Segue a íntegra da entrevista com o filósofo italiano e co-autor com Michael Hardt de Império e Multidão (ambos publicados pela Record), Antonio Negri. A entrevista, em francês, encontra-se no sítio http://seminaire.samizdat.net 23-09-2007. A tradução é do Cepat.
As análises de Foucault são atuais para compreender o movimento das sociedades? Em que campos elas deveriam ser renovadas, reajustadas e continuadas?
A obra de Foucault é uma máquina estranha, na realidade ela só permite pensar a história como história presente. Provavelmente, boa parte daquilo que Foucault escreveu (Deleuze o destacou com muita justiça) deveria hoje ser reescrito. O que é surpreendente – e interessante – é que ele não pára de buscar, ele faz aproximações, desconstrói, formula hipóteses, imagina, faz analogias e conta fábulas, lança conceitos, corta-os ou modifica-os... É um pensamento de uma formidável inventividade. Mas isso não é o essencial: eu creio que o fundamental é seu método, porque ele permite estudar e descrever ao mesmo tempo o movimento do passado ao presente e do presente ao futuro. É um método de transição em que o presente representa o centro. Foucault está aí, entre os dois, nem no passado, do qual ele faz a arqueologia, nem no futuro, do qual ele esboça às vezes – “como ao horizonte do mar uma fisionomia na areia” – a imagem. É a partir do presente que é possível distinguir os outros tempos. Muitas vezes se reprovou em Foucault a legitimidade científica das suas periodizações: compreendemos os historiadores, mas ao mesmo tempo, eu teria vontade de dizer que isso não é um verdadeiro problema: Foucault está aí onde se instala o questionamento, ele é sempre a partir de seu próprio tempo.
Com Foucault, a análise histórica torna-se uma ação, o conhecimento do passado uma genealogia, a perspectiva futura um dispositivo. Para aqueles que vêm do marxismo militante dos anos 60 (e não das tradições dogmáticas caricaturais da 2ª e da 3ª Internacionais), o ponto de vista de Foucault é naturalmente percebido como absolutamente legítimo, corresponde à percepção do acontecimento, das lutas e da satisfação em correr riscos fora de qualquer necessidade e de qualquer teleologia pré-estabelecida. No pensamento de Foucault o marxismo é totalmente desmantelado, quer seja do ponto de vista da análise das relações de poder ou da teleologia histórica, da recusa do historicicismo ou de um certo positivismo; mas ao mesmo tempo, o marxismo é igualmente reinventado e remodelado do ponto de vista dos movimentos e das lutas, isto é, da realidade dos sujeitos desses movimentos e das lutas: porque conhecer é produzir subjetividade.

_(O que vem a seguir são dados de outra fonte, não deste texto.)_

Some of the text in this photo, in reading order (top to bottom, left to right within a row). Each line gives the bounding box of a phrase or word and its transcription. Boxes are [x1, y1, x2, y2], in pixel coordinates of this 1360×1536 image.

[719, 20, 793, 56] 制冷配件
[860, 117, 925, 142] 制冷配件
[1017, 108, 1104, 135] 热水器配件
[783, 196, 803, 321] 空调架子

Mas, antes de prosseguir na análise, eu gostaria de voltar por um instante. É comum distinguir três Foucault: até o final dos anos 60, o estudo da emergência do discurso das ciências humanas, isto é, ao mesmo tempo aquilo que ele chama de arqueologia do saber e de sua economia nos últimos três séculos, e uma ampla leitura da modernidade ocidental através do conceito de episteme; depois, nos anos 70, as pesquisas sobre as relações entre os saberes e os poderes, sobre o aparecimento das disciplinas, do controle e dos biopoderes, da norma e da biopolítica, isto é, ao mesmo tempo uma analítica geral do poder e a tentativa de fazer a história do desenvolvimento do conceito de soberania desde a sua emergência no pensamento político até nossos dias; e, finalmente, nos anos 80, a análise dos processos de subjetivação sob a dupla perspectiva da relação estética em si e da relação política aos outros – mas, sem dúvida, trata-se da mesma pesquisa: o cruzamento da estética de si e do cuidado político é aquilo que se chama também de ética.

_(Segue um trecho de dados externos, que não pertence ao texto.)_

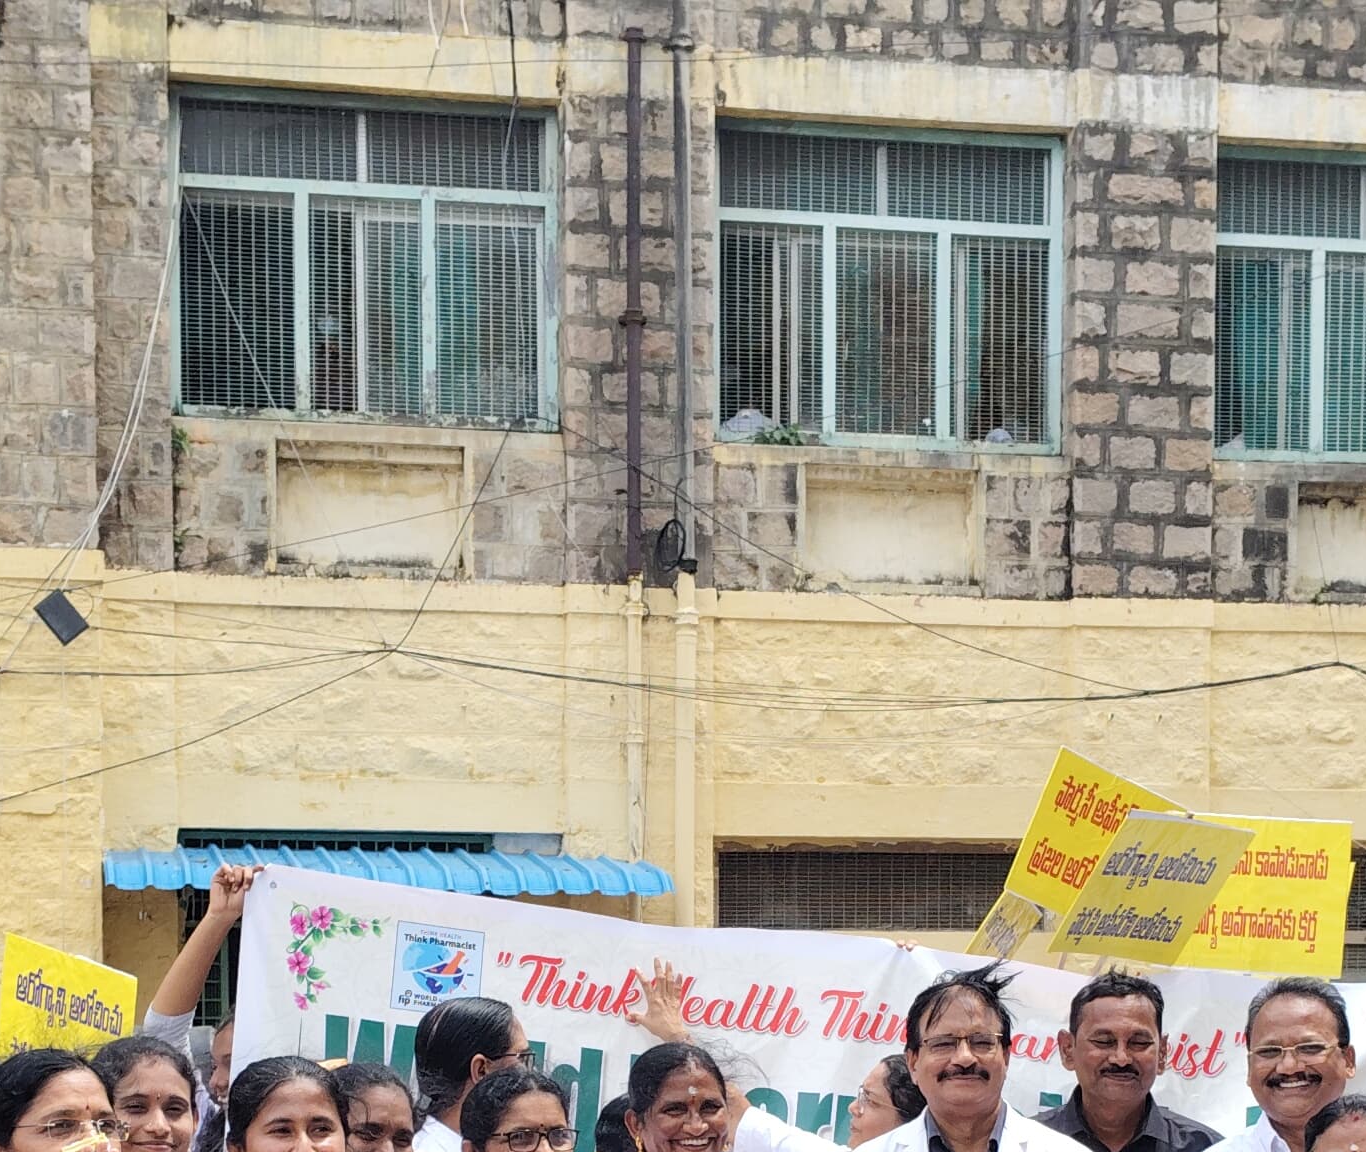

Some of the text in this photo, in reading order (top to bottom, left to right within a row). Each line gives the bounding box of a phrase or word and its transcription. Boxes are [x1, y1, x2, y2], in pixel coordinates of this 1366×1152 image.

[1026, 837, 1066, 879] ప్రజల
[1255, 845, 1329, 880] కాపాడువాడు
[1221, 906, 1296, 940] అవగాహనకు
[404, 933, 477, 951] Think Pharmacist
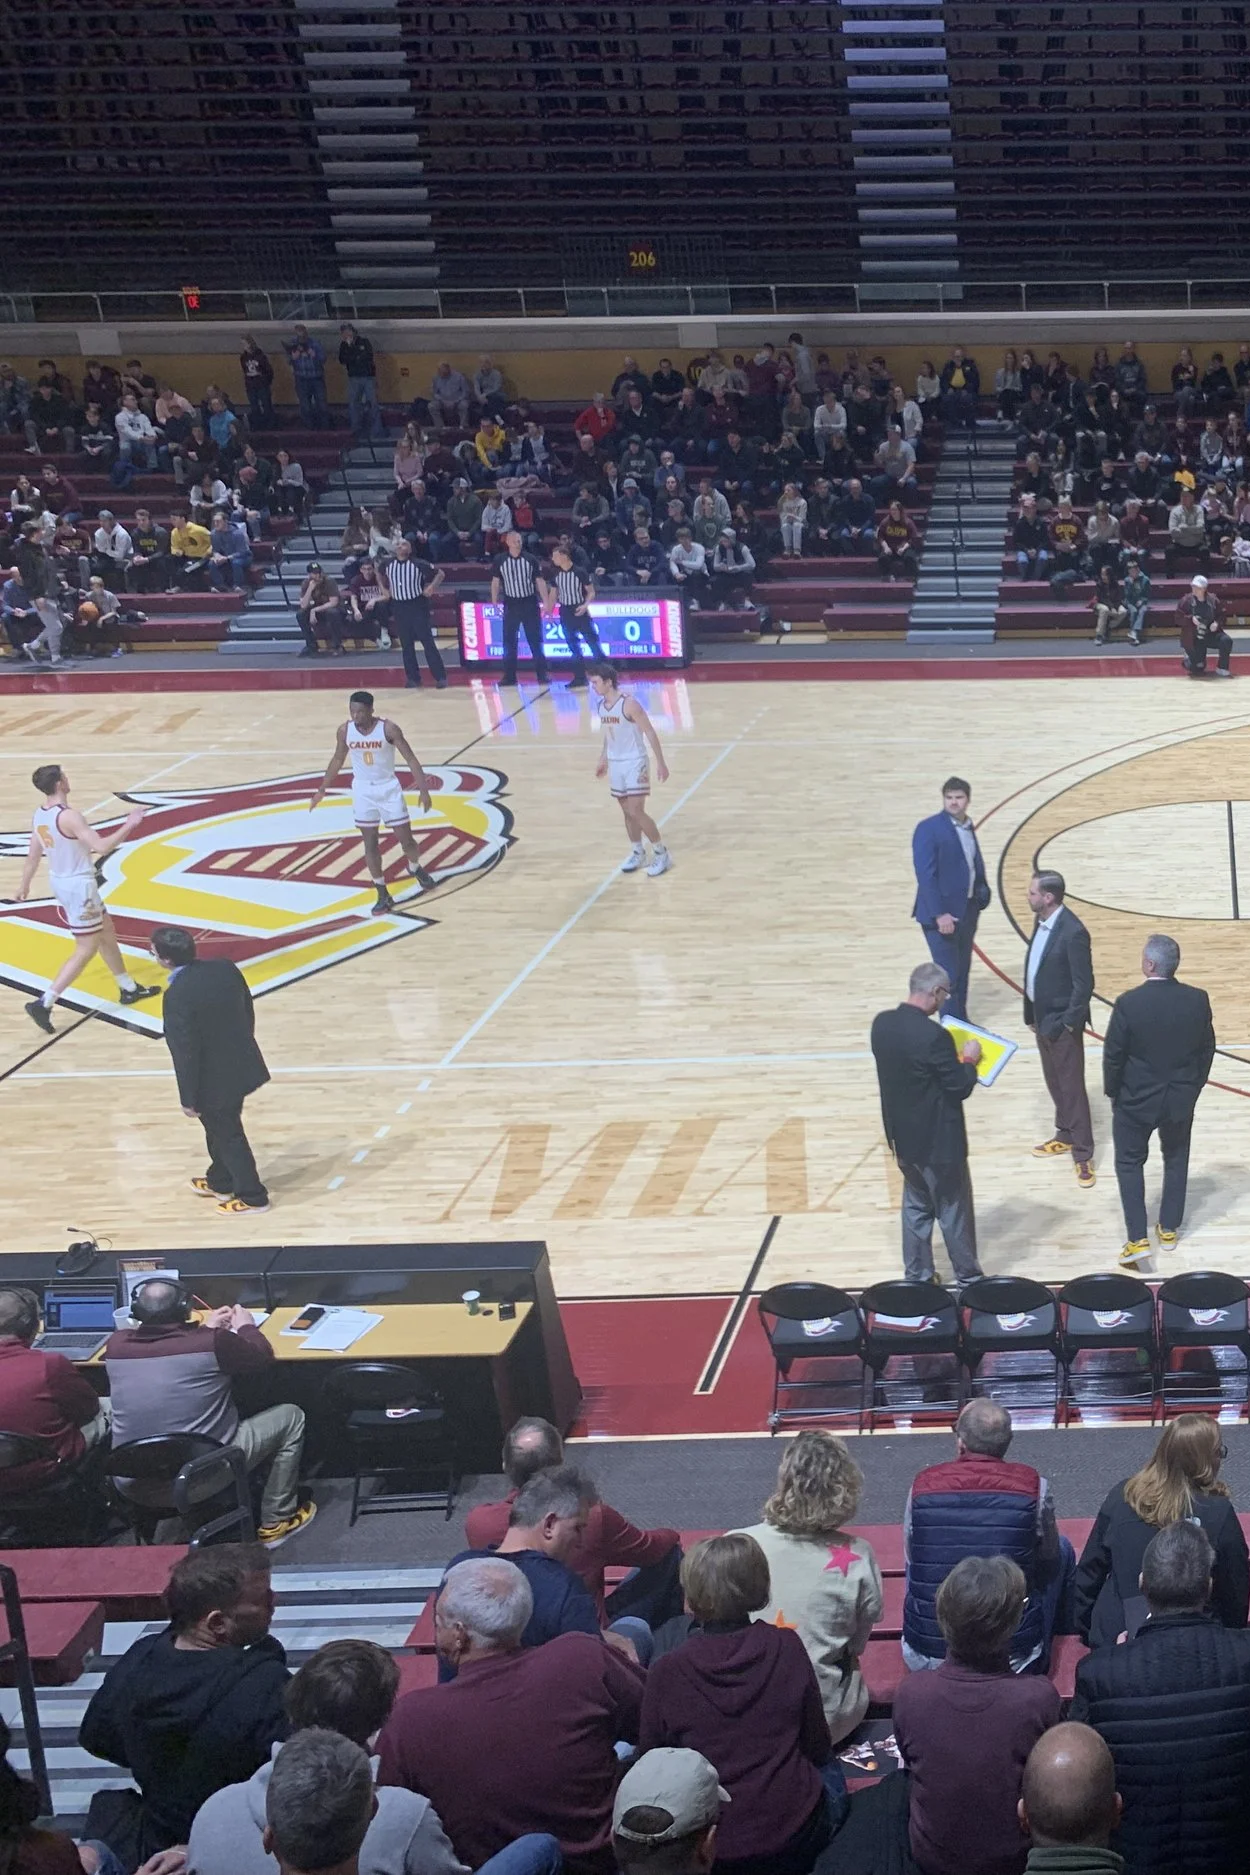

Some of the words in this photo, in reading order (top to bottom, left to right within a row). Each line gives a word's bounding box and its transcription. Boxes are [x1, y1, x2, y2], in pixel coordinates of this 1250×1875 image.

Na realidade, eu não sei se podemos distinguir três Foucault, nem mesmo dois, posto que antes da publicação de Ditos e Escritos e dos cursos no Collège de France, tínhamos a tendência de não considerar realmente o último Foucault. Entretanto, parece-me que os três temas sobre os quais a atenção foucaultiana está fixada são perfeitamente contínuos e coerentes – coerentes no sentido de que eles formam uma produção teórica unitária e contínua.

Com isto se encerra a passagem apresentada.